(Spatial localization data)
Segment Open

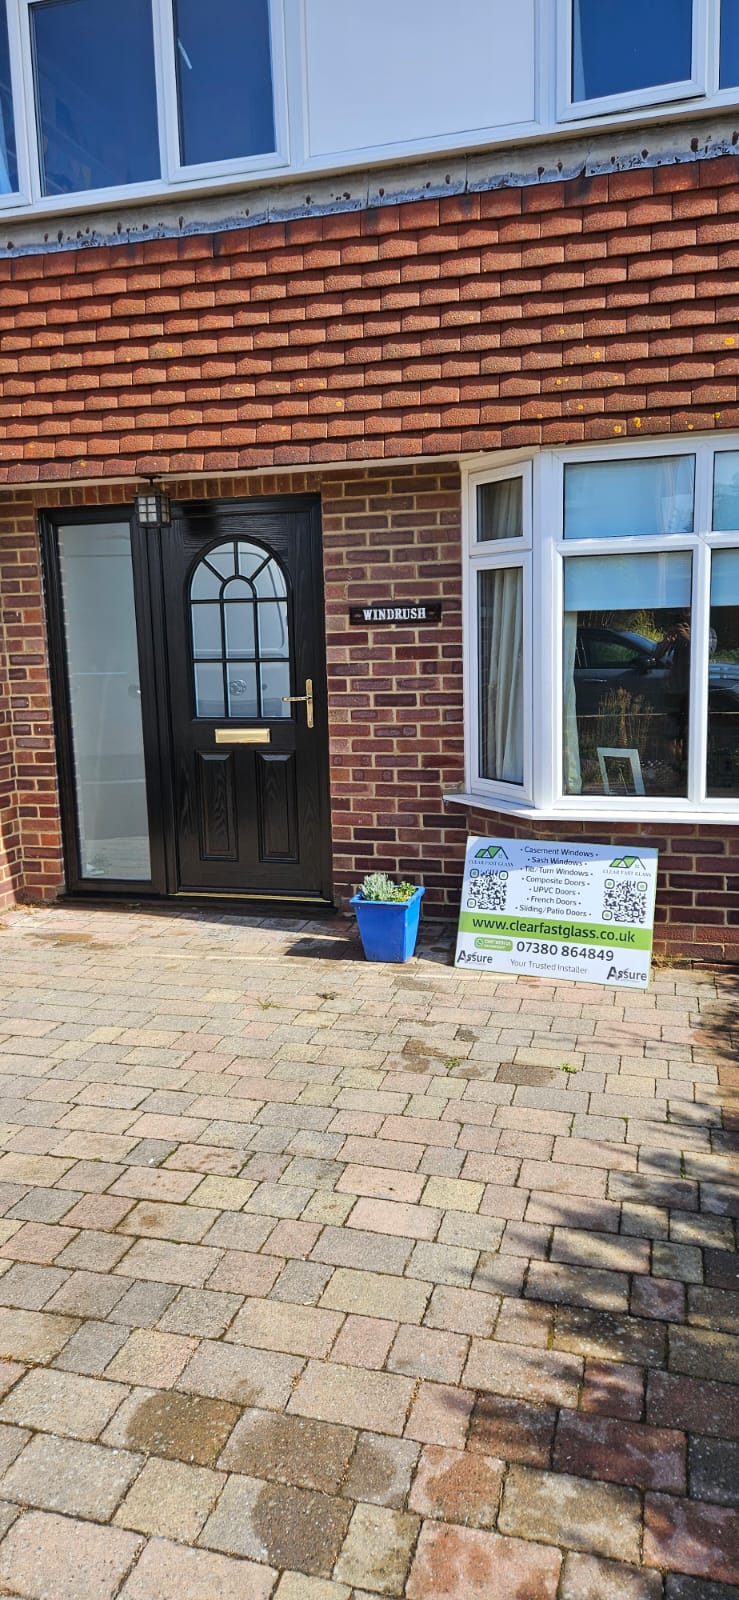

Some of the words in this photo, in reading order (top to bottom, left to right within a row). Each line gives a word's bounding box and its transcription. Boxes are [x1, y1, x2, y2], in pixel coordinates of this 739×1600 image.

[363, 607, 426, 620] WINDRUSH
[524, 846, 560, 855] Casement
[560, 848, 594, 858] Windows
[532, 856, 549, 864] Sash
[550, 857, 583, 867] Windows
[556, 867, 589, 877] Windows
[525, 875, 563, 885] Composite
[564, 878, 586, 887] Doors
[533, 886, 554, 894] UPVC
[555, 887, 576, 896] Doors
[530, 896, 554, 904] French
[556, 897, 577, 906] Doors
[520, 904, 565, 915] Sliding/Patio
[566, 909, 587, 917] Doors
[472, 918, 636, 943] www.clearfastglass.co.uk
[457, 949, 493, 964] Assure
[516, 941, 558, 956] 07380
[561, 945, 614, 962] 864849
[510, 958, 526, 967] Your
[528, 960, 556, 971] Trusted
[558, 963, 588, 974] Installer
[606, 966, 648, 981] Assure

Segment Closed

YOUR TASK - Write out all of the data above exactly, pictures excluded.

EXPECTED ANSWER -
Some of the words in this photo, in reading order (top to bottom, left to right within a row). Each line gives a word's bounding box and its transcription. Boxes are [x1, y1, x2, y2], in pixel coordinates of this 739×1600 image.

[363, 607, 426, 620] WINDRUSH
[524, 846, 560, 855] Casement
[560, 848, 594, 858] Windows
[532, 856, 549, 864] Sash
[550, 857, 583, 867] Windows
[556, 867, 589, 877] Windows
[525, 875, 563, 885] Composite
[564, 878, 586, 887] Doors
[533, 886, 554, 894] UPVC
[555, 887, 576, 896] Doors
[530, 896, 554, 904] French
[556, 897, 577, 906] Doors
[520, 904, 565, 915] Sliding/Patio
[566, 909, 587, 917] Doors
[472, 918, 636, 943] www.clearfastglass.co.uk
[457, 949, 493, 964] Assure
[516, 941, 558, 956] 07380
[561, 945, 614, 962] 864849
[510, 958, 526, 967] Your
[528, 960, 556, 971] Trusted
[558, 963, 588, 974] Installer
[606, 966, 648, 981] Assure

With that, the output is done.